The legendary Bob Dylan joins the band onstage for a unique performance of ‘Like A Rolling Stone’. From the explosive opening salvo of ‘Satisfaction’, it’s evident that both the band and the crowd mean business. The latter are packed in like sardines at the River Plate Stadium, all of them moving as one. They welcome The Stones back with the warmth of long‐lost brothers.

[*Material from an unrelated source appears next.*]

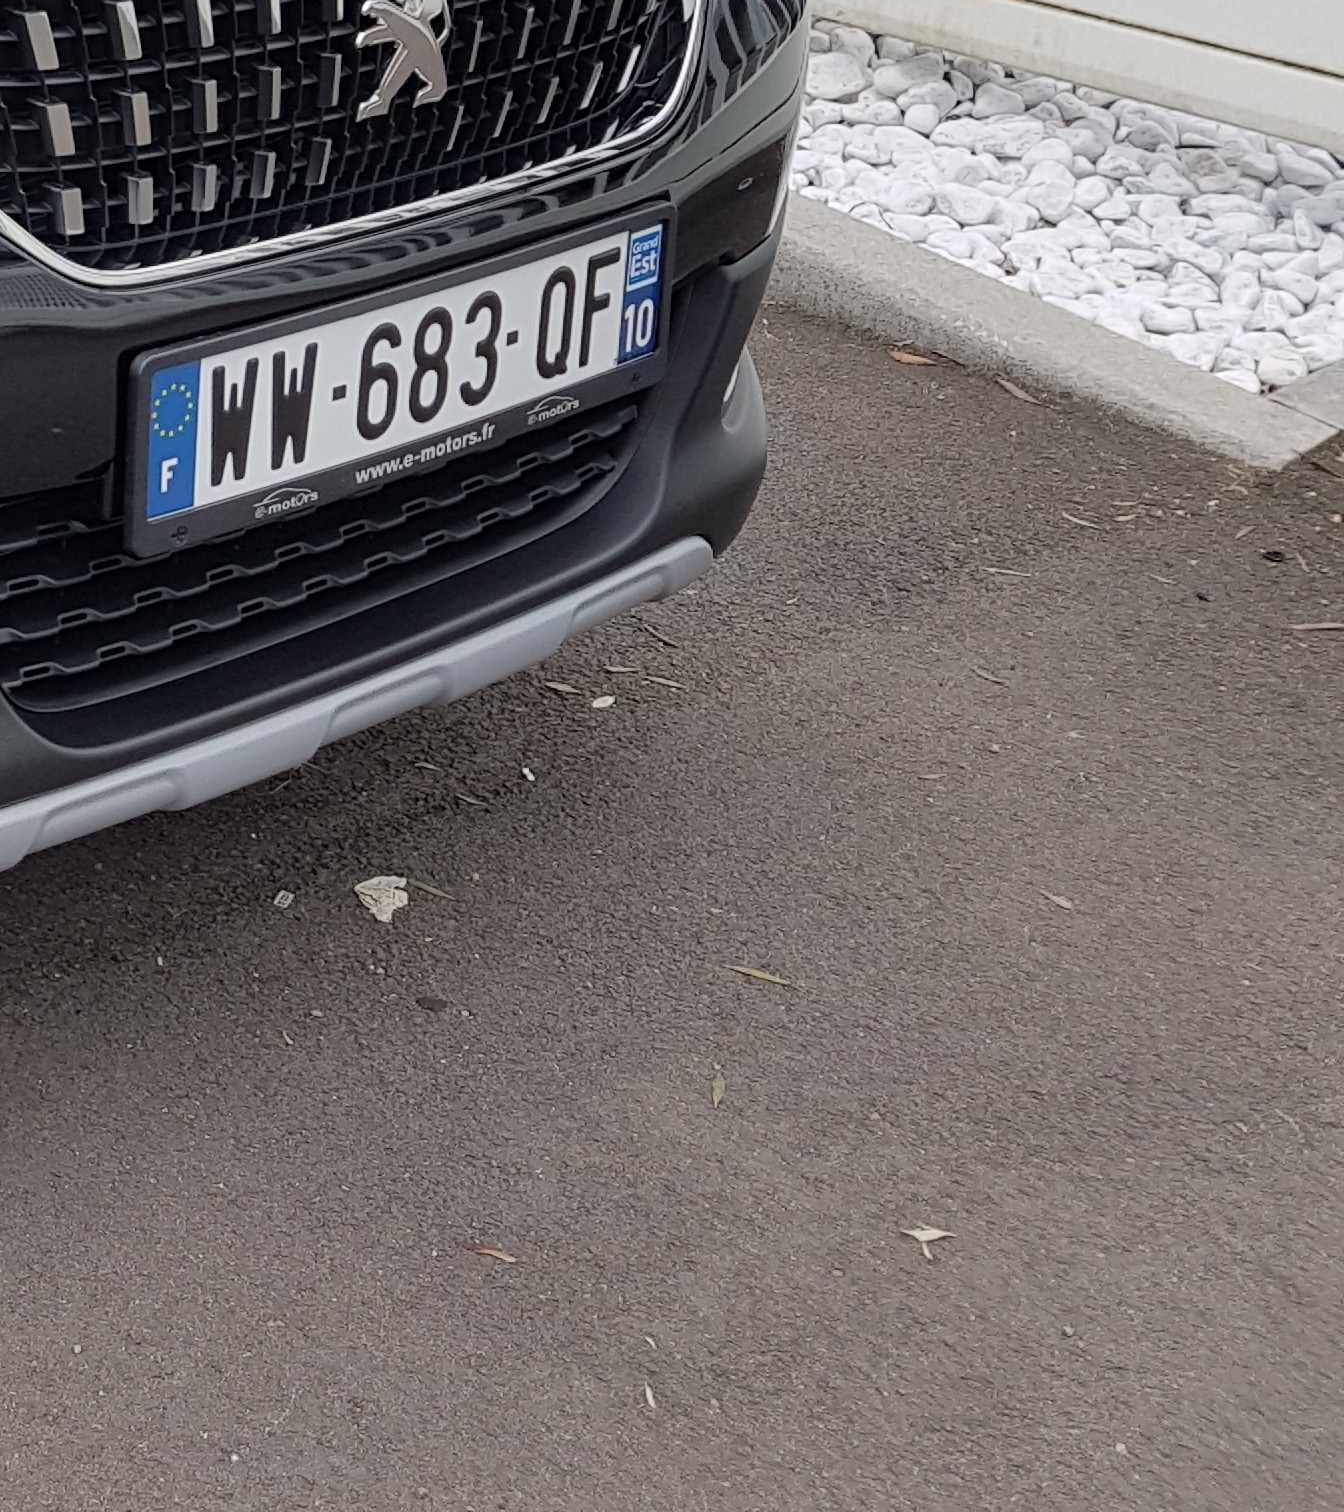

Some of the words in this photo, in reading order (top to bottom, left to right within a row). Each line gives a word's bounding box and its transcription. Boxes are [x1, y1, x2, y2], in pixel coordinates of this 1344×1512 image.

The band then unzipped over two hours of pure, animalistic rock ‘n’ roll exhilaration. Then‐new songs from Bridges to Babylon found their natural place in a setlist that included some of the most recognisable anthems of the rock era. ‘Flip the Switch’, ‘Saint of Me’ and ‘Thief in The Night’ rub shoulders with a brooding ‘Gimme Shelter’, Jagger’s acoustic and Ronnie’s slide guitar on ‘Sister Morphine,’ and a whole host of singalong crowd‐pleasers.
Then, suddenly, and without introduction, Dylan. The bard had played his own set to the adoring River Plate crowd before ambling on stage to double‐date with Jagger on ‘Like A Rolling Stone’, which the Stones had admirably inhabited on 1995’s Stripped. Bob’s customarily approximate vocal style certainly kept Mick on his toes, but the bonhomie of the moment gave further warmth to a set that was growing evermore fierce. The Rolling Stones have always preferred to cross bridges rather than to burn them.
By the time they said Buena’s noches to Buenos Aires that night in ’98, they had left Latin America a love letter to be treasured. This concert film has been meticulously restored from the original master tapes, and the audio remixed and remastered from the live multitrack recordings.